Farideh Lashai Foundation - Booth SP8

 
Farideh Lashai, Leyla va Majnun (diptych), projected animated photographic images on painting (oil, acrylic and graphite on canvas) and sound, 200 x 400 cm, 2010s ca., Courtesy of the Estate of the Artist

Farideh Lashai, Leyla va Majnun (diptych), projected animated photographic images on painting (oil, acrylic and graphite on canvas) and sound, 200 x 400 cm, 2010s ca., Courtesy of the Estate of the Artist

 

ASIA NOW has the privilege to showcase several works by Farideh Lashai.

Throughout her distinguished career spanning over five decades, Farideh Lashai (1944 - 2013) has always juggled with varying means of expression, without recognizing any frontiers that might confine her to a rigidly defined artistic identity.

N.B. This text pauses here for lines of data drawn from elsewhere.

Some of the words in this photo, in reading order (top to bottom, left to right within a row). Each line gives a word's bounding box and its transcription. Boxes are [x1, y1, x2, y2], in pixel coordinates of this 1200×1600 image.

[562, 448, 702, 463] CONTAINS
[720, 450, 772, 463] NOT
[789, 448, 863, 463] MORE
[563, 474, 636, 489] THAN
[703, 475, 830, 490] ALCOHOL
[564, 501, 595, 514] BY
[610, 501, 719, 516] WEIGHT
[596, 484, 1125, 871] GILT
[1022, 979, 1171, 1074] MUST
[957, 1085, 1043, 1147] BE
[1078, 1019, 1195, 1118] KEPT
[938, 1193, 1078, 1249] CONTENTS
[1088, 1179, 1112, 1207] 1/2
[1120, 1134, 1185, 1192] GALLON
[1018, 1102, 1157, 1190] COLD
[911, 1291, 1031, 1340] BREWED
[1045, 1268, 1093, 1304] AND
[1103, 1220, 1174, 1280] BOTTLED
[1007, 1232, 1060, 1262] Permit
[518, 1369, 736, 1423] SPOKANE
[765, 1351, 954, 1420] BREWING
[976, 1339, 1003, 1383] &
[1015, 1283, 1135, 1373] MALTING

This presentation focuses on a very specific aspect of Farideh Lashai’s practice, her works as a crystal designer and a glass artist, in the early 60s, to which the translucency and ephemeral character of the video works of her last decade, can be traced back. While painting was her main practice, lyricism is the reigning characteristic in her works, whether it is painting, sculpture, writing, installation or a combination of animation and painting. The exhibition includes a seminal video work, Layla va Majnun.

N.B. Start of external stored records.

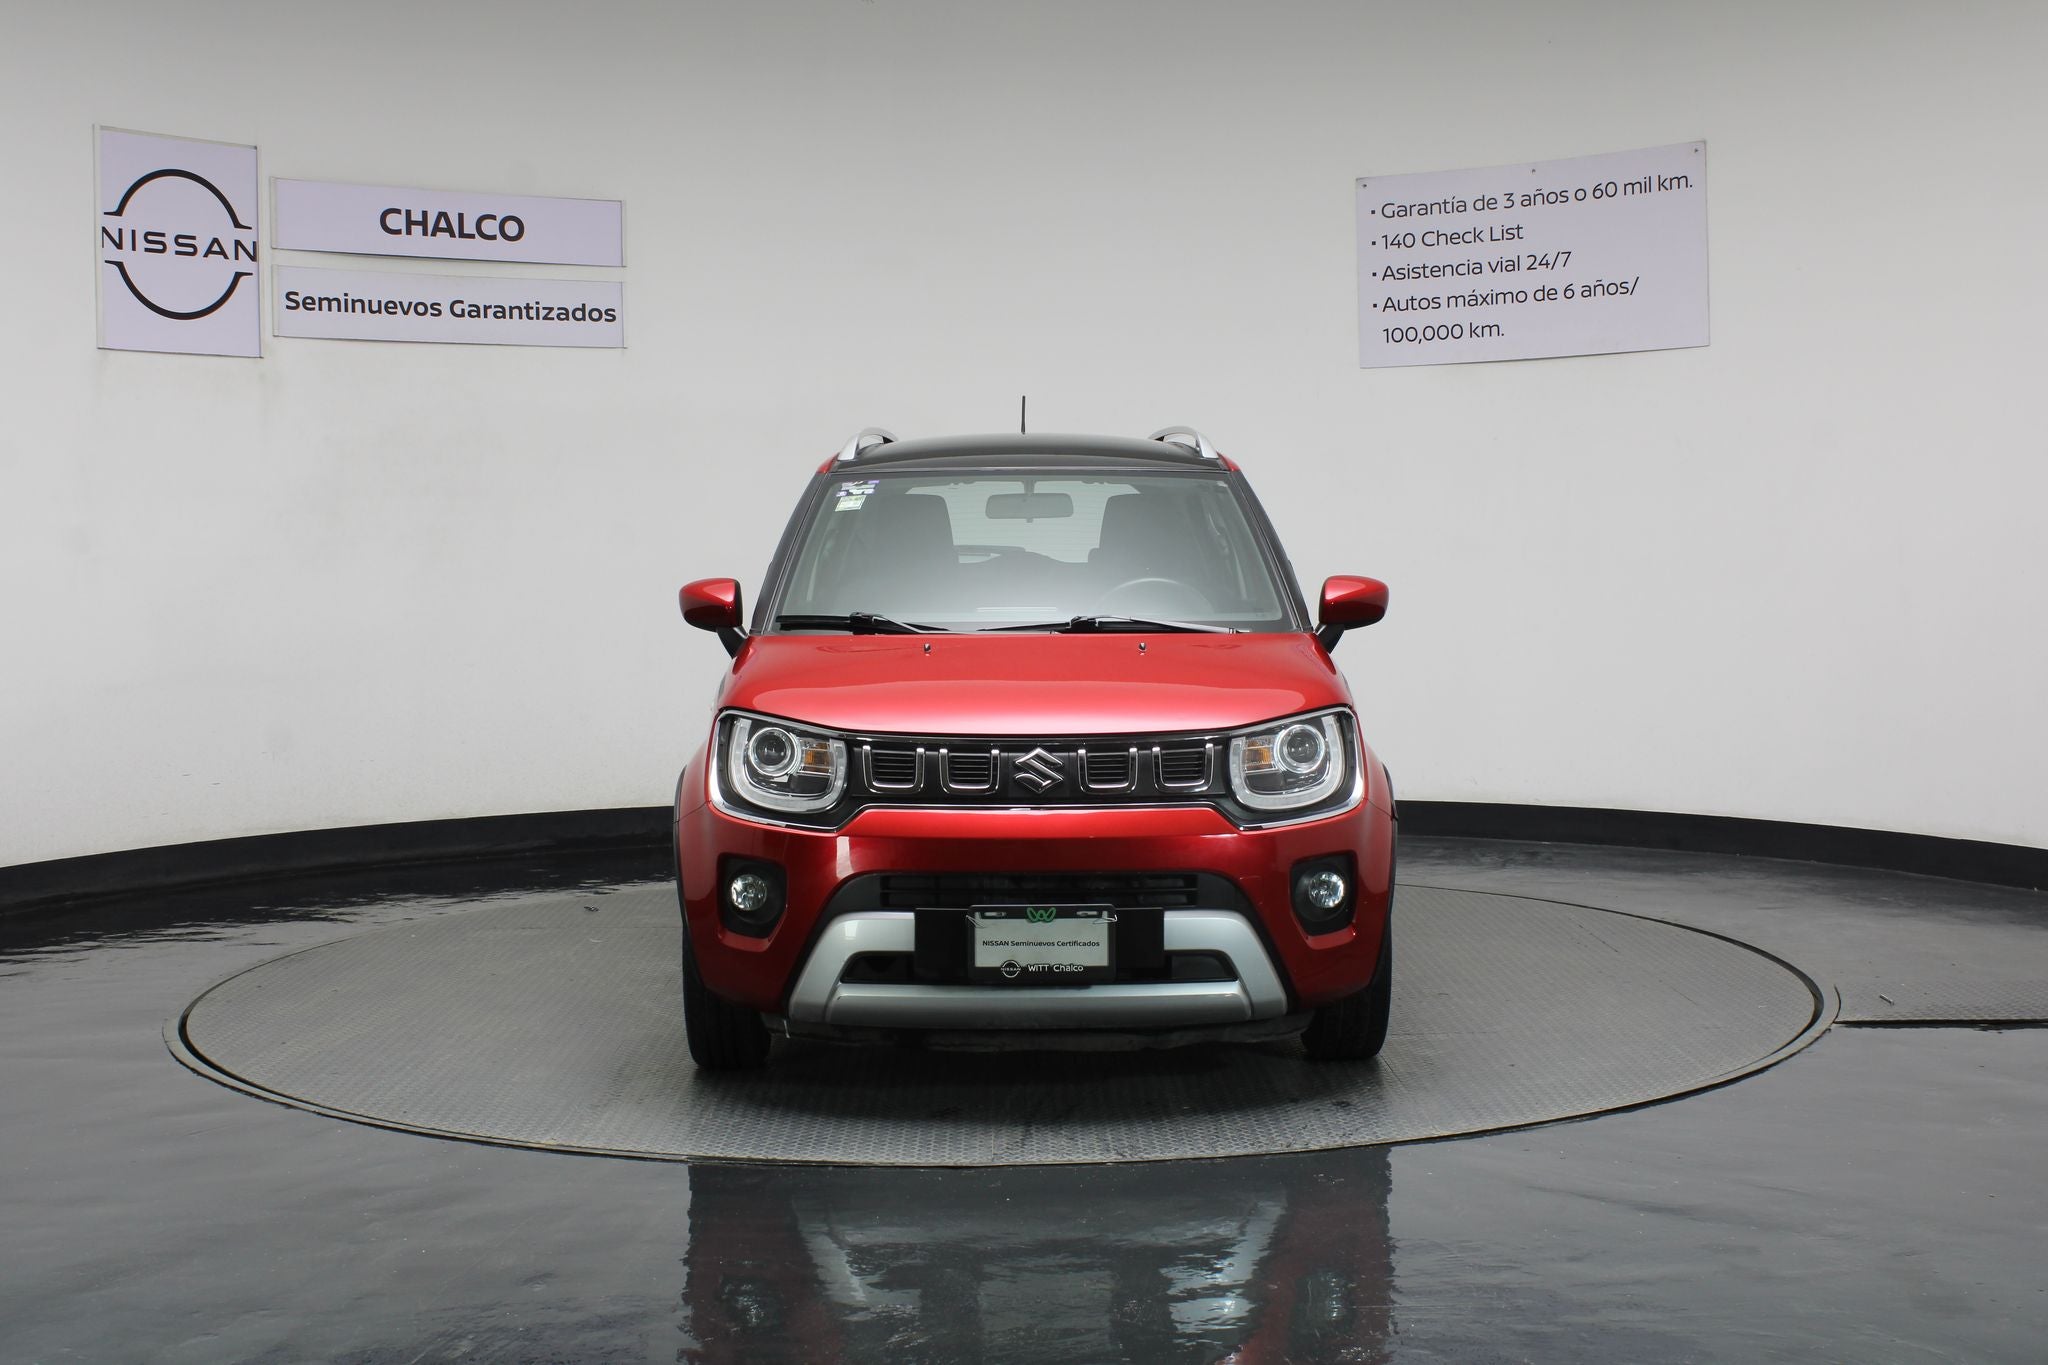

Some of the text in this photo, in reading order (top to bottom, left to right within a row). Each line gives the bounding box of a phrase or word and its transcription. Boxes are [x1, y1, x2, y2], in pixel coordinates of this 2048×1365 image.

[1381, 173, 1693, 219] Garantía de 3 años o 60 mil km.
[379, 207, 525, 243] CHALCO
[1381, 223, 1524, 250] 140 Check List
[101, 225, 258, 262] NISSAN
[1382, 250, 1572, 281] Asistencia vial 24/7
[284, 290, 617, 323] Seminuevos Garantizados
[1382, 276, 1640, 313] Autos máximo de 6 años/
[1382, 321, 1505, 345] 100,000 km.
[1053, 963, 1084, 972] Chalco

Farideh Lashai, The Moon and Nightingale, Bronze and Glass, 38 x 20 x 17 cm, 1996, Courtesy of the Estate of the Artist - Photo by Hamid Eskandari

Farideh Lashai, The Moon and Nightingale, Bronze and Glass, 38 x 20 x 17 cm, 1996, Courtesy of the Estate of the Artist - Photo by Hamid Eskandari

She was born in Rasht, Iran, at eighteen she left for Europe, where she studied Literature in Munich and Frankfurt, and later graduated from the Academy of Applied Arts, Vienna. In 1966 she went to work at Riedel Studios, in Austria. Two years later, she had her first exhibition—it featured works made from crystal in a two-man show alongside Claus Riedel in Milan. That same year, she began work at Rosenthal in Bavaria. The vases along with sketches and designs presented here are examples of that period. The translucent quality of the vases seemed like a harbinger of later paintings and sculptures to come, too, where very often an ethereal, almost translucent presence is juxtaposed to a heavier one. Three works on paper from 1960s and early 70s along with a sculpture are shown here to highlight this juxtaposition.

Lashai has been widely exhibited internationally, from Art Basel in 1978, to Sydney Biennale 2012, Moscow Biennale 2013, and collateral events of the Venice Biennale 2019. Posthumously, her work was subject of a retrospective “towards the ineffable: Farideh Lashai” curated by Germano Celant and Faryar Javaherian at the TMoCA, in 2015, and a retrospective curated by Hoor Al Qasimi at the Sharjah Art Foundation in 2016. In 2017, a three-museum project, placing the work of Lashai alongside the work of Francisco Goya, was organized between the Museum of Fine Art Ghent (MSK, Ghent), Museo Nacional del Prado and the British Museum.